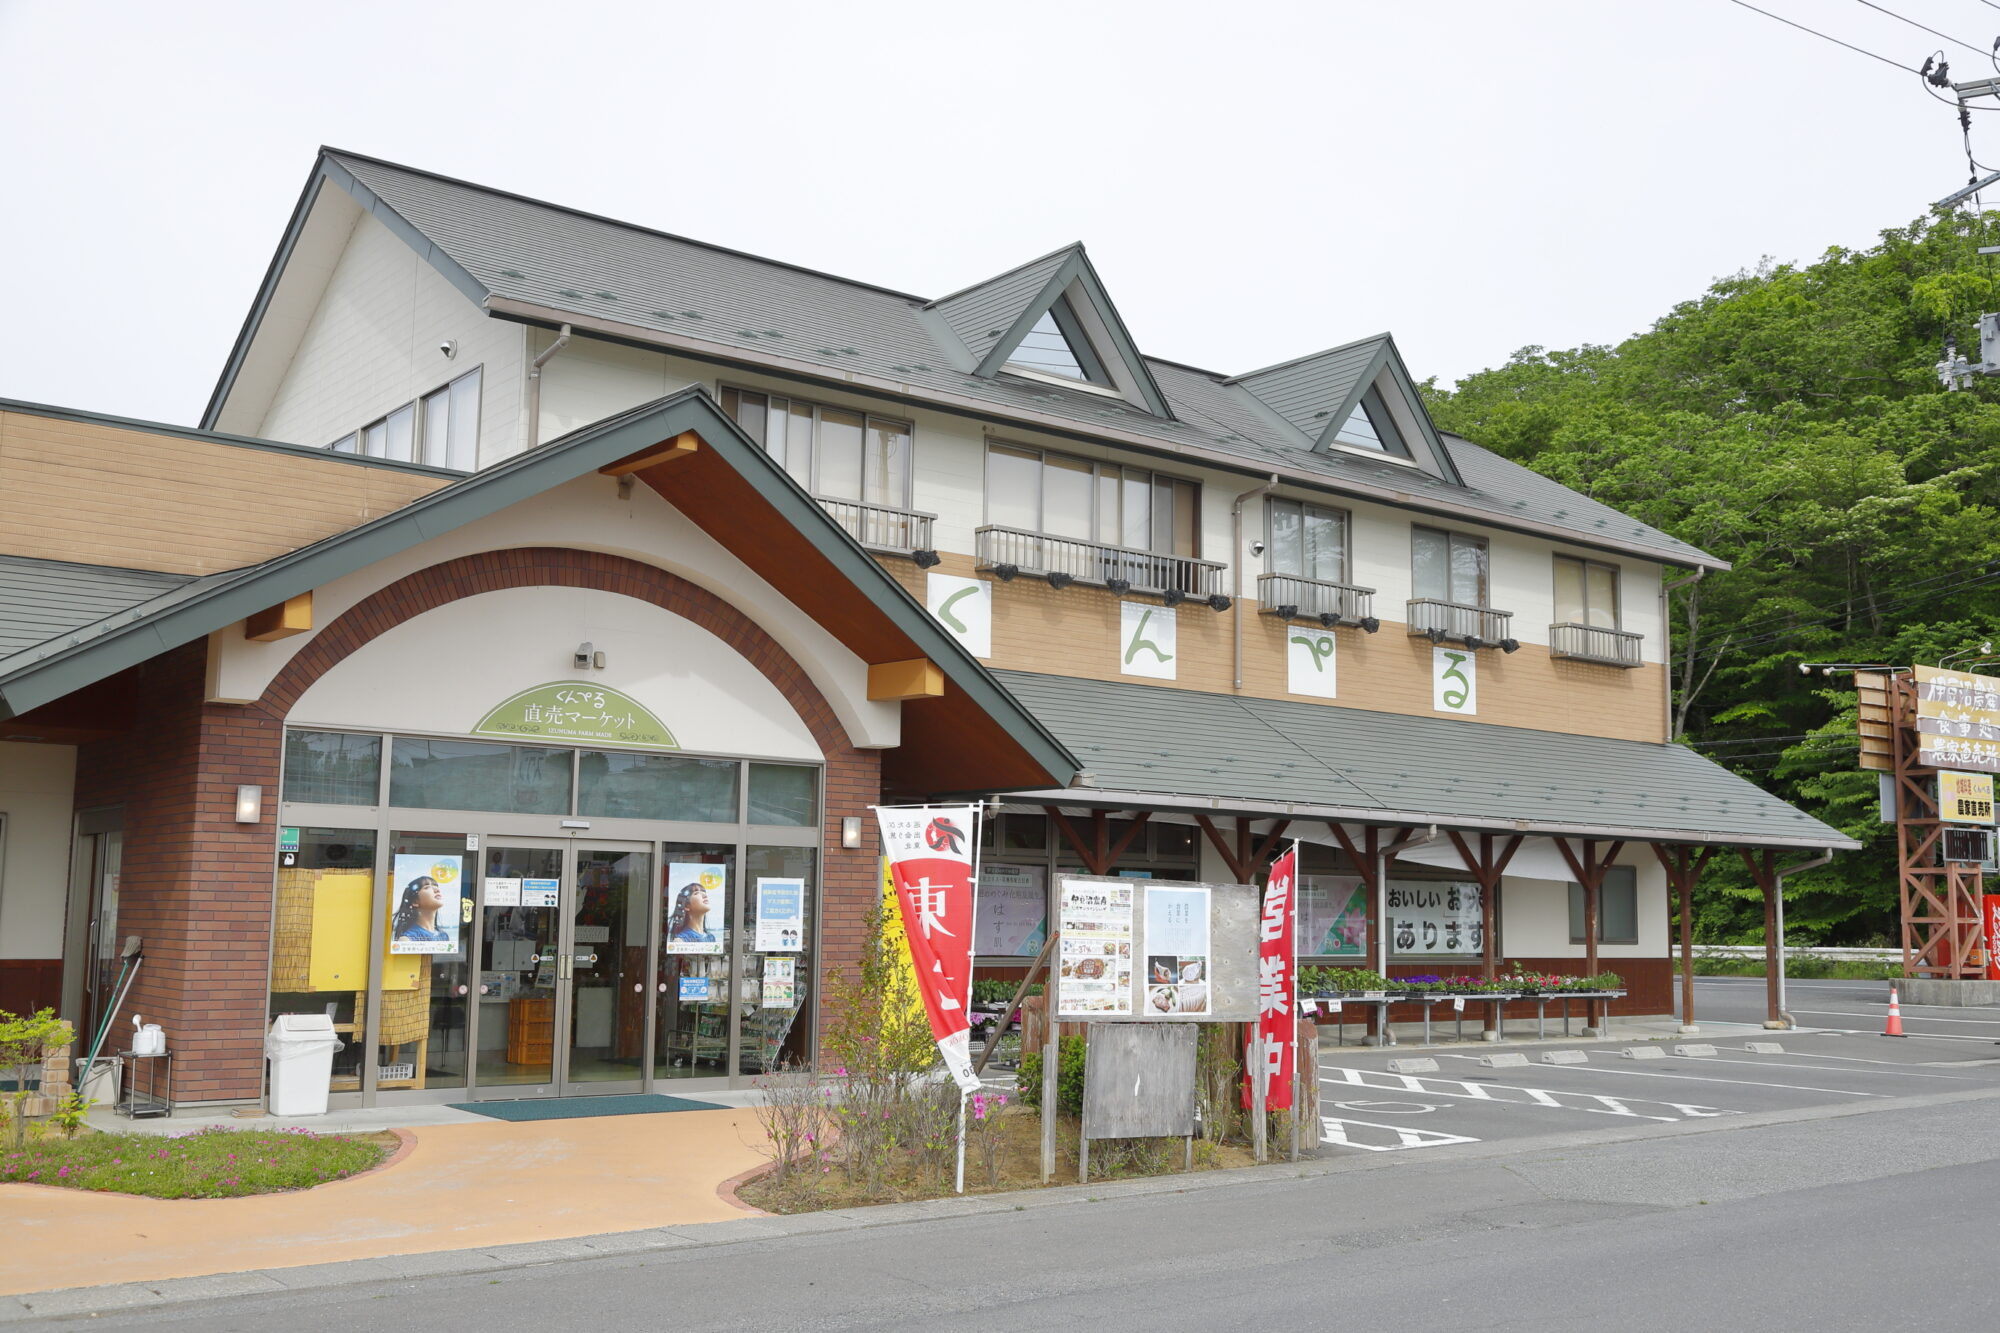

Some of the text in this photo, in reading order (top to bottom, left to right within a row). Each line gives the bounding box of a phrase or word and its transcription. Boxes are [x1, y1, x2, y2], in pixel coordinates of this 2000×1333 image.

[555, 690, 606, 709] くんぺる
[524, 703, 636, 730] 直売マーケット
[1936, 710, 1993, 739] 食事処
[578, 729, 594, 737] FARM
[1932, 737, 1998, 768] 農家直売所
[1388, 889, 1441, 908] おいしい
[1396, 920, 1483, 950] あります
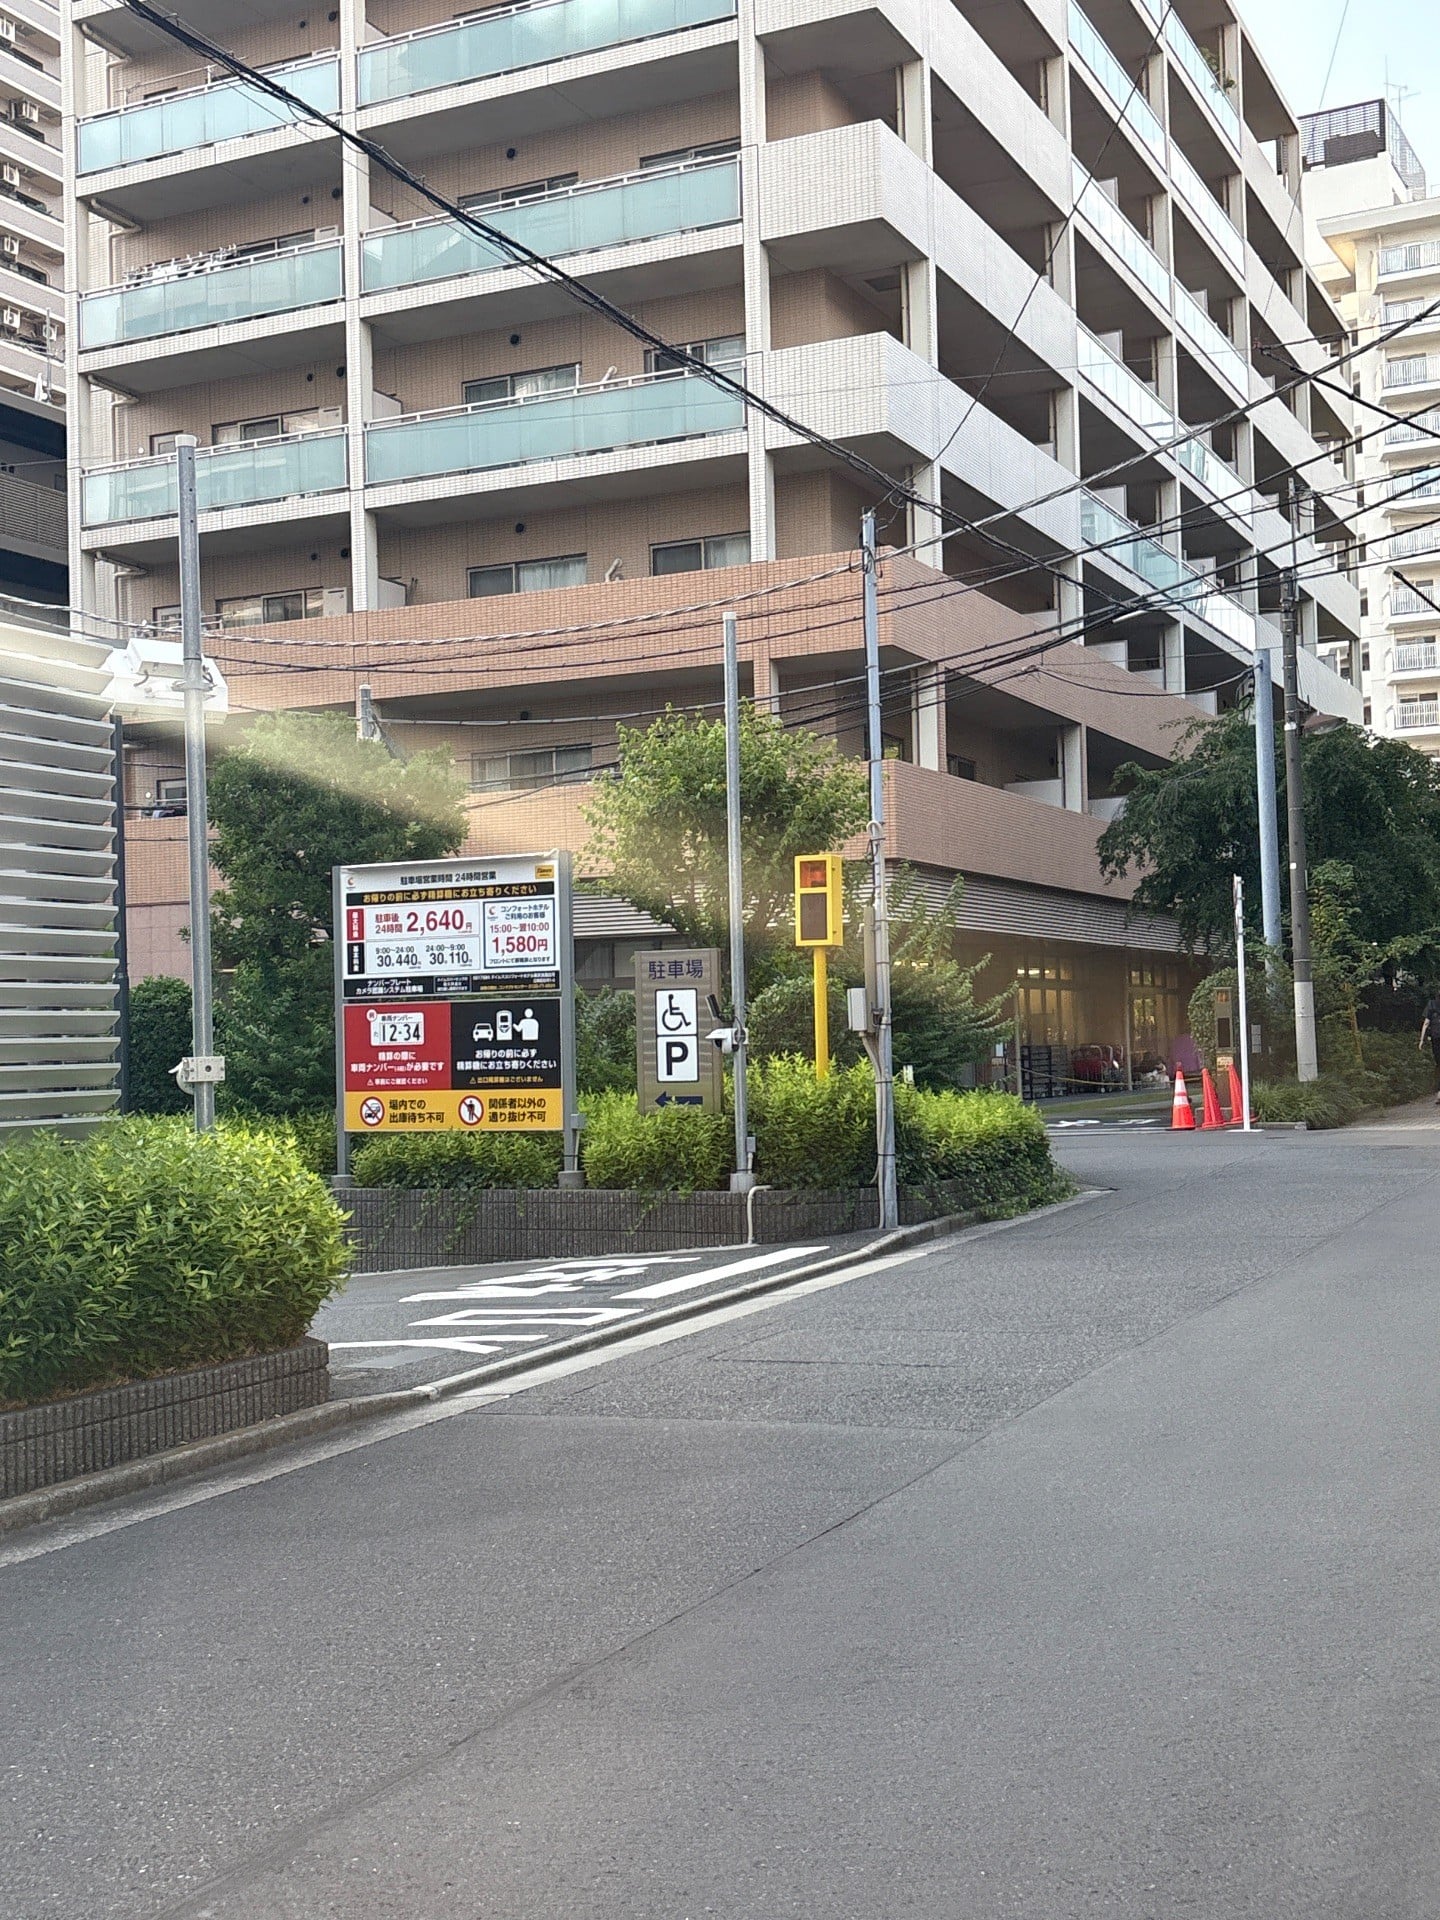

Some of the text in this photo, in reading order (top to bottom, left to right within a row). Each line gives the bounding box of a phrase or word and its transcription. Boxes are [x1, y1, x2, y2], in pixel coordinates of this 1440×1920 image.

[455, 871, 497, 883] 24時間営業
[501, 903, 550, 913] コンフォートホテル
[375, 913, 400, 924] 駐車後
[375, 923, 403, 935] 24時間
[492, 935, 548, 957] 1,580円
[648, 959, 704, 980] 駐車場
[367, 978, 412, 987] ナンバープレート
[474, 1049, 537, 1060] お帰りの前に必ず
[665, 1041, 689, 1076] P
[456, 1060, 557, 1071] 精算機にお立ち寄りください
[388, 1099, 426, 1111] 場内での
[488, 1097, 547, 1109] 関係者以外の
[388, 1111, 445, 1123] 出庫待ち不可
[488, 1110, 547, 1123] 通り抜け不可
═══
**Task description**
Output only the lines running from the line with "this 1440×1920 image." through the final line of the data, inclusive.

**Answer to this exercise**
Some of the text in this photo, in reading order (top to bottom, left to right within a row). Each line gives the bounding box of a phrase or word and its transcription. Boxes are [x1, y1, x2, y2], in pixel coordinates of this 1440×1920 image.

[455, 871, 497, 883] 24時間営業
[501, 903, 550, 913] コンフォートホテル
[375, 913, 400, 924] 駐車後
[375, 923, 403, 935] 24時間
[492, 935, 548, 957] 1,580円
[648, 959, 704, 980] 駐車場
[367, 978, 412, 987] ナンバープレート
[474, 1049, 537, 1060] お帰りの前に必ず
[665, 1041, 689, 1076] P
[456, 1060, 557, 1071] 精算機にお立ち寄りください
[388, 1099, 426, 1111] 場内での
[488, 1097, 547, 1109] 関係者以外の
[388, 1111, 445, 1123] 出庫待ち不可
[488, 1110, 547, 1123] 通り抜け不可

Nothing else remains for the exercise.